The drone attacks on Saudi Arabia’s oil production infrastructure last weekend have rattled the global oil market. Saudi Arabia is the world’s largest oil producer. The drone attacks on the country’s substantial facilities have led to the producer cutting half of the oil production.
With Saudi Arabia producing more than five million barrels a day, halving production means 5% of the global oil supply can cease to exist in the market. This event is the single most massive disruption to hit the oil industry.
The hit on Saudi oil production saw oil prices respond accordingly. The oil market is still sorting out how far-reaching the effects of this attack will be on the global oil supply. Here is what the situation looks like right now.
A hit that shook the world
The drone attacks hit the Abqaiq Saudi Aramco oil-processing facility as well as an oil field nearby. The attack destroyed part of the world’s most extensive oil-processing facilities, knocking out 5.7 million barrels of daily supply offline. The stock market does not like uncertainty, and crude oil prices spiked after the attack.
Saudi Arabia has decreased oil production by half in the wake of the attack. The country hopes to reach full capacity soon, but it is something that could take several weeks to accomplish. The fact that there is no definitive proof of who is behind the attack makes things even more uncertain. Saudi Arabia pointing fingers at Iran has raised tensions in the Middle East and could result in war — something even scarier than the current situation.
The impact on oil prices
If Saudi Arabia can recover from the damage and get the facility back up to its full capacity soon, crude oil prices might not increase further. The possibility of another attack, however, will still keep crude oil prices higher than they were before the attack.
If things worsen and Saudi Arabia attacks Iran, it will affect the global supply, since Iran will be likely to shut down the Strait of Hormuz — an event like that can send crude oil prices skyrocketing even further.
Where is Canadian oil during all this?
While Canada is not the largest oil producer in the world, it is one of the most significant. Increased oil prices boosted the Canadian energy sector on Monday. The benchmark prices for oil jumped by over 14% on Monday but gave up some of the gains by Tuesday.
The CEO of Suncor Energy (TSX:SU)(NYSE:SU) says that his company is not relying on higher cash flow as a result of the attack. Analysts, however, expect a “risk premium” on crude oil prices due to the strike. Mark Little says that the attack does improve the market for Canadian oil producers.

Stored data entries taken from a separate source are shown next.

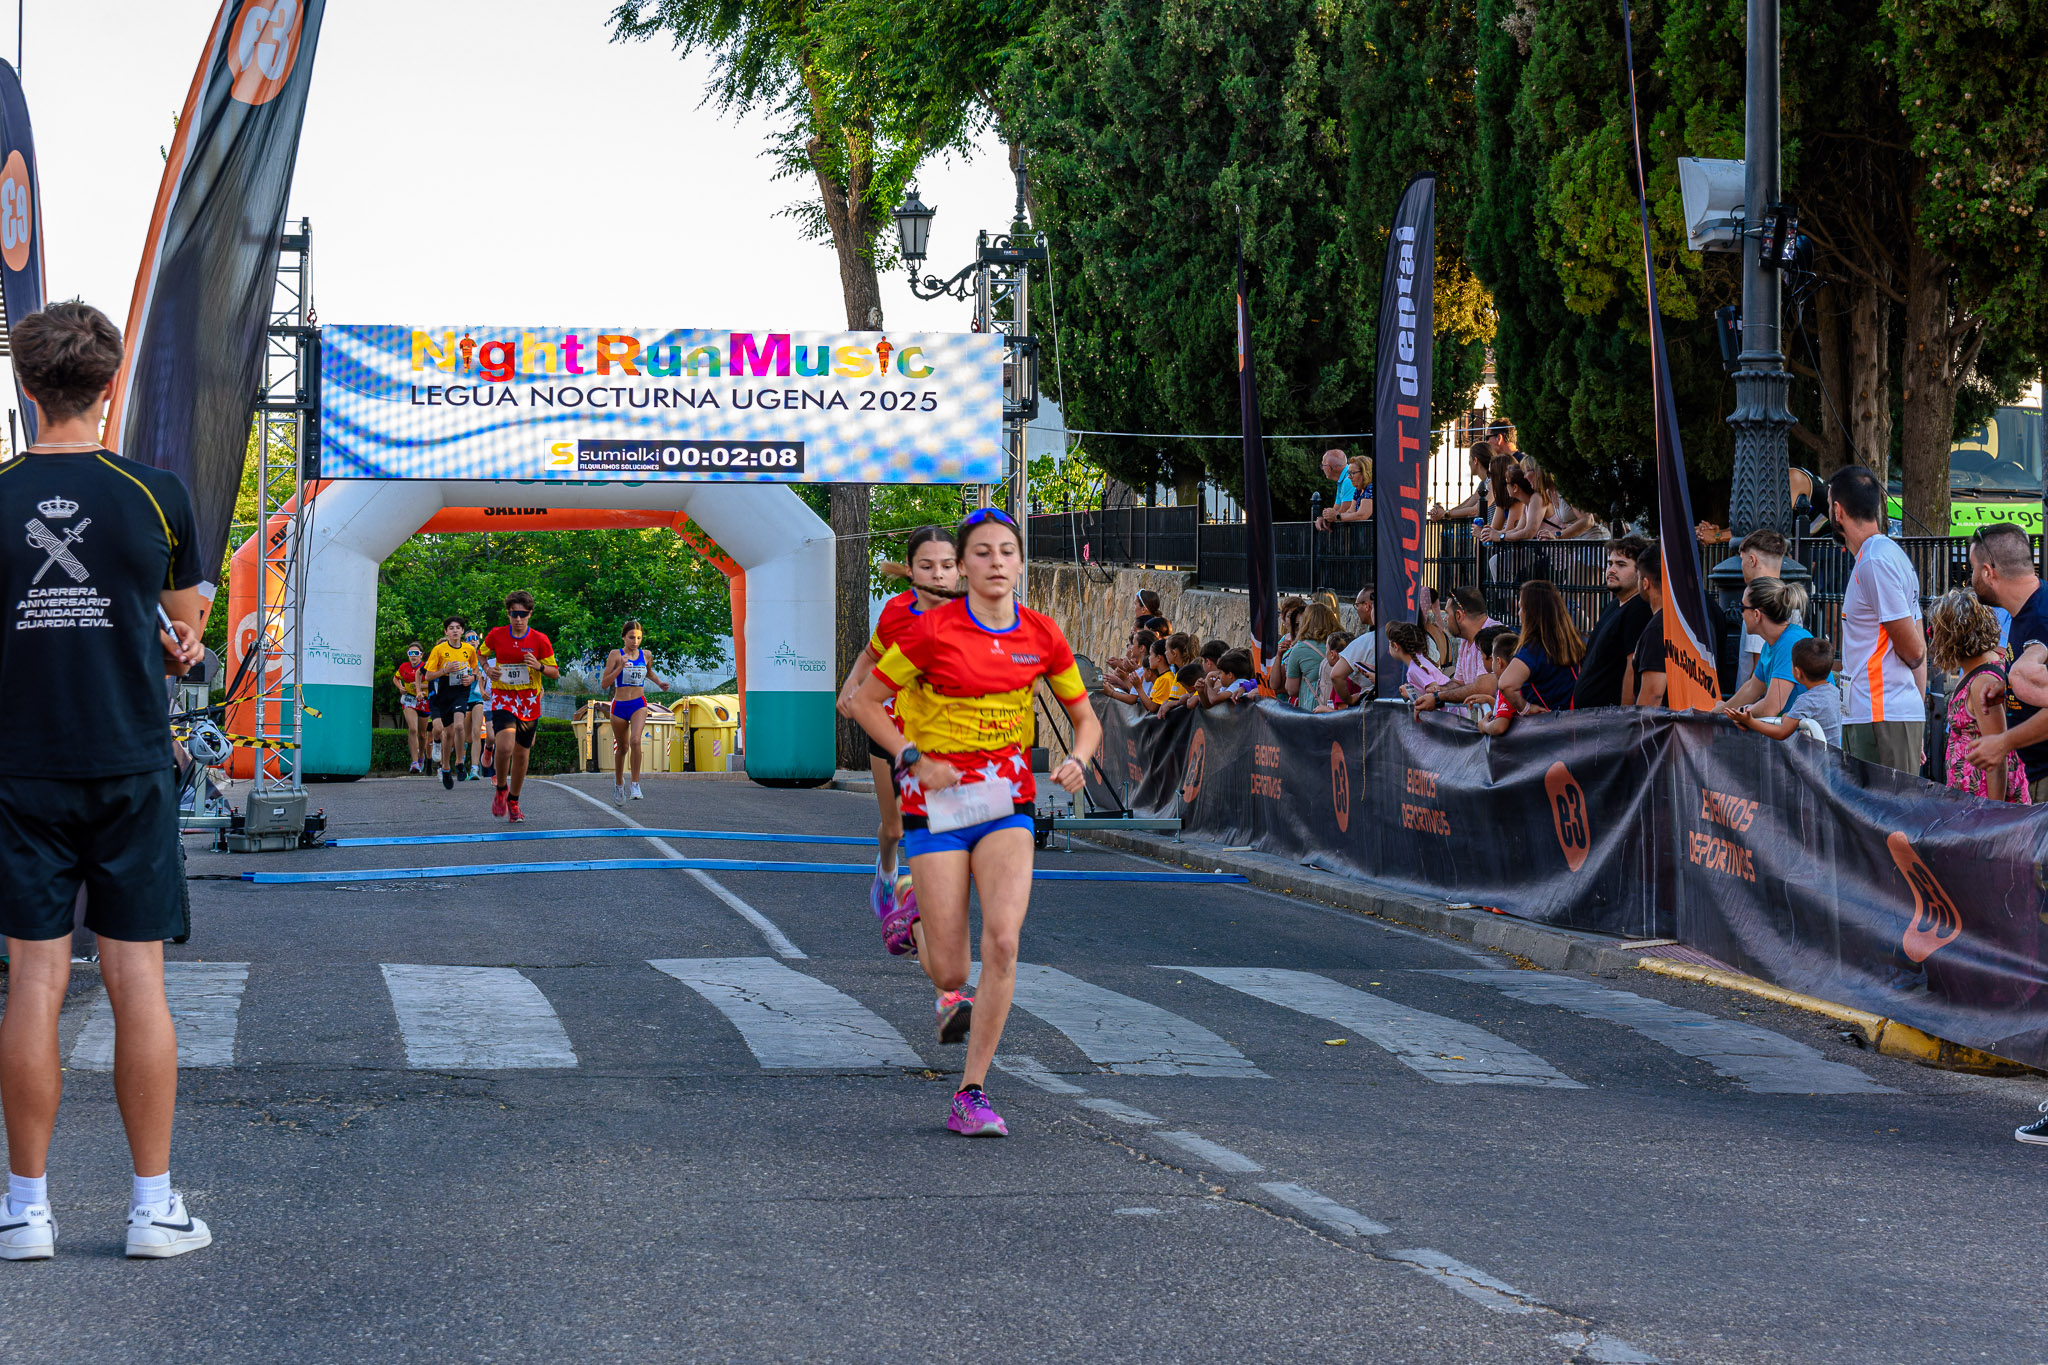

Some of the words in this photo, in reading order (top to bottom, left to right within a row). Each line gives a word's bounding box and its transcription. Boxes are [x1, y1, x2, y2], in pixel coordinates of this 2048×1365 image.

[411, 385, 518, 407] LEGUA
[530, 386, 720, 409] NOCTURNA
[732, 388, 849, 410] UGENA
[859, 390, 938, 412] 2025
[580, 448, 660, 461] sumialki
[662, 447, 797, 467] 00:02:08
[1397, 403, 1420, 611] MULTI
[27, 587, 98, 598] CARRERA
[16, 597, 111, 610] ANIVERSARIO
[24, 607, 104, 619] FUNDACIÓN
[16, 619, 77, 630] GUARDIA
[78, 618, 114, 628] CIVIL
[332, 657, 362, 666] TOLEDO
[800, 664, 826, 672] TOLEDO
[508, 670, 520, 679] 497
[1255, 744, 1281, 768] EVENTOS
[1250, 773, 1282, 799] DEPORTIVOS
[1406, 768, 1439, 798] EVENTOS
[1401, 803, 1451, 836] DEPORTIVOS
[1701, 788, 1758, 832] EVENTOS
[1688, 830, 1756, 882] DEPORTIVOS
[135, 1209, 151, 1217] NIKE

Managing director of oil and gas equity research at BMO Capital Markets Randy Ollenberger weighed in on the issue. He believes that Canadian oil and gas companies were inexpensive before. The movement in oil price is a little bit of risk premium creeping into it. Stronger oil prices worldwide mean gasoline prices in Canada will likely increase in the coming weeks.
Canadian energy companies posted double-digit increases with Canadian Natural Resources among them up 13%.
It is not clear how long the disruption in Saudi oil production will last or how Saudi Arabia will respond. My take on the short-term outlook of the situation is that Canadian crude oil could be considered a safer option.
In terms of possible investments, I think it is as good a time as any to consider Canadian energy stocks right now.